Hudson Mayor Rich O’Connor is floating around the idea of a curfew which would shut down bars and restaurants, trying to stop the violence that has come with the increase in visitors. The tipping point: three people were stabbed in three different locations in downtown Hudson early Sunday morning.
“I think every restaurant decides if they want to stay open past 10 o’clock or not, because not every restaurant having a bar open is a draw to any kind of mischievous behavior or shenanigans. Some restaurants and bars don’t draw that crowd,” said Lavers.
There was talk that they would discuss a potential 10 p.m. curfew for bars and restaurants at Monday night’s city council meeting. That didn’t happen. But it’s possible they could open this up for public comment tomorrow evening at City Hall. They plan to announce their plans on the city’s website.

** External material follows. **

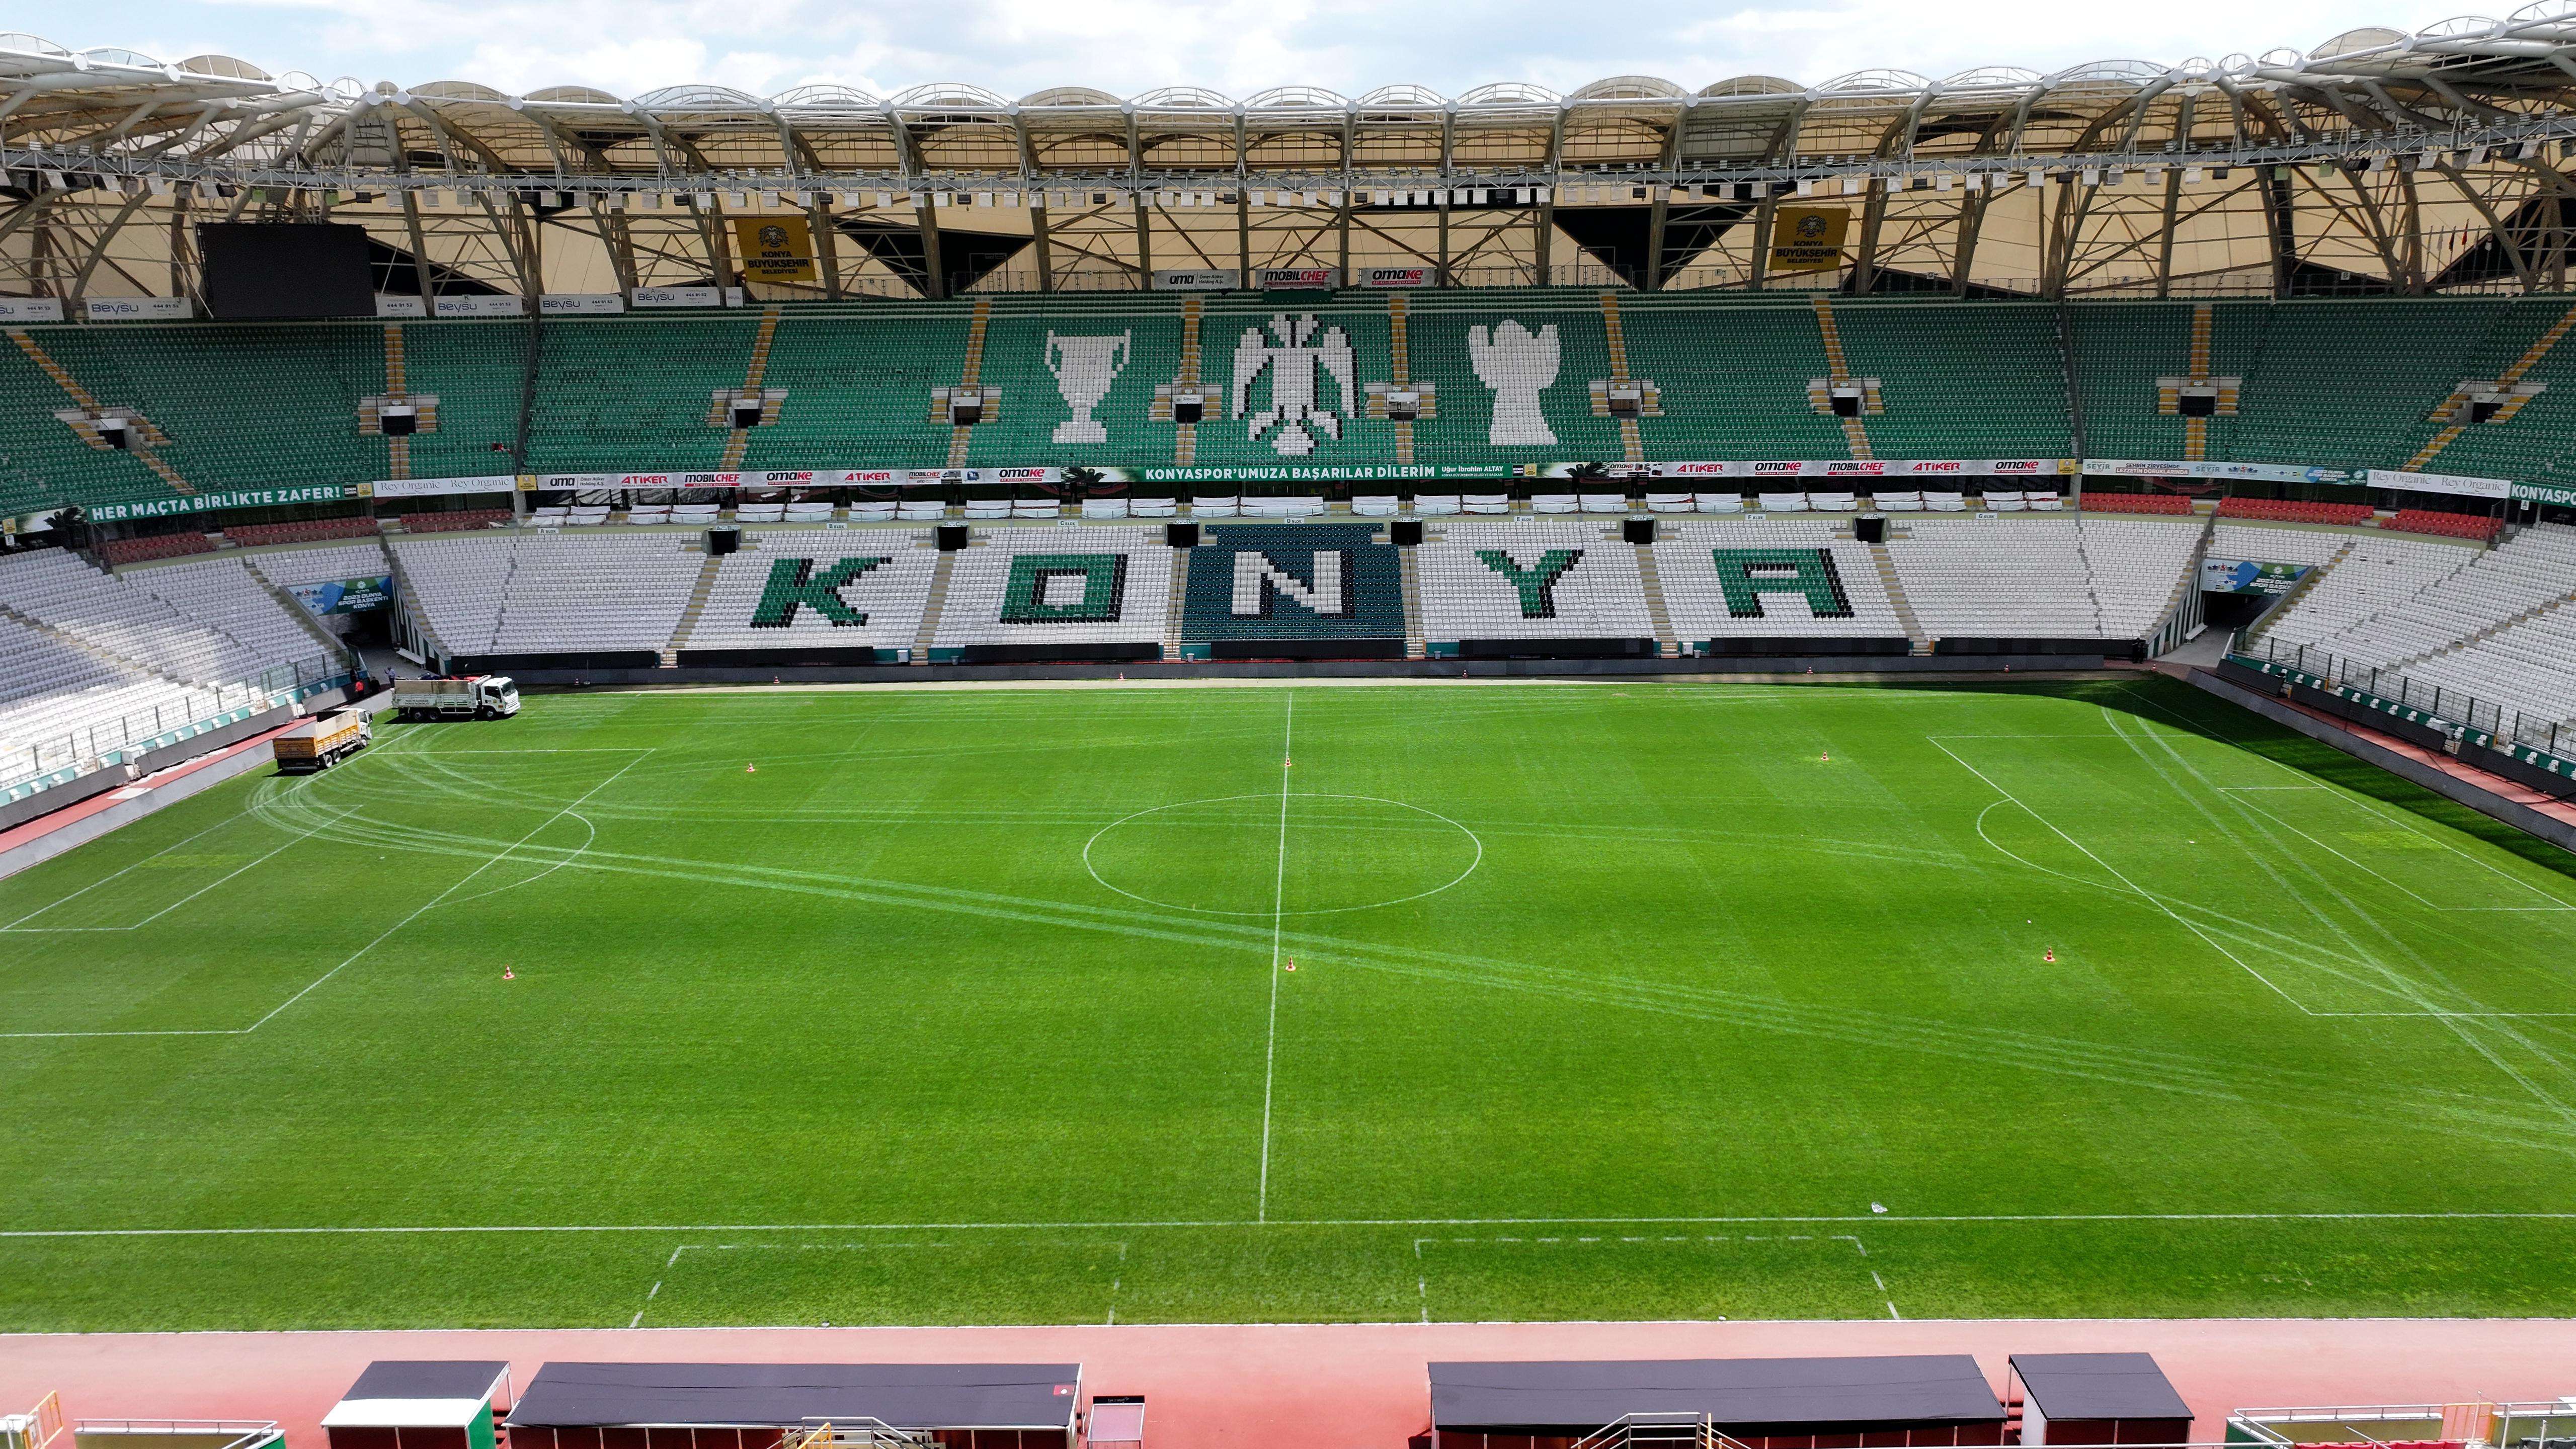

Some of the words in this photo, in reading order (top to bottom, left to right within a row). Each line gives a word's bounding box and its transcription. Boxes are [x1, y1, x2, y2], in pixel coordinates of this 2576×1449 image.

“The reality is we are sort of a suburb of the Twin Cities and for us to be out of sync with them is a slap in the face,” Gary Hines said.
“I think we’ve been through enough and they are taking proper measures for people to come into their bars and I think they should stay open. I think we’ve been through enough and they are taking proper measures for people to come into their bars, and I think they should stay open,” said Brice Buckingham.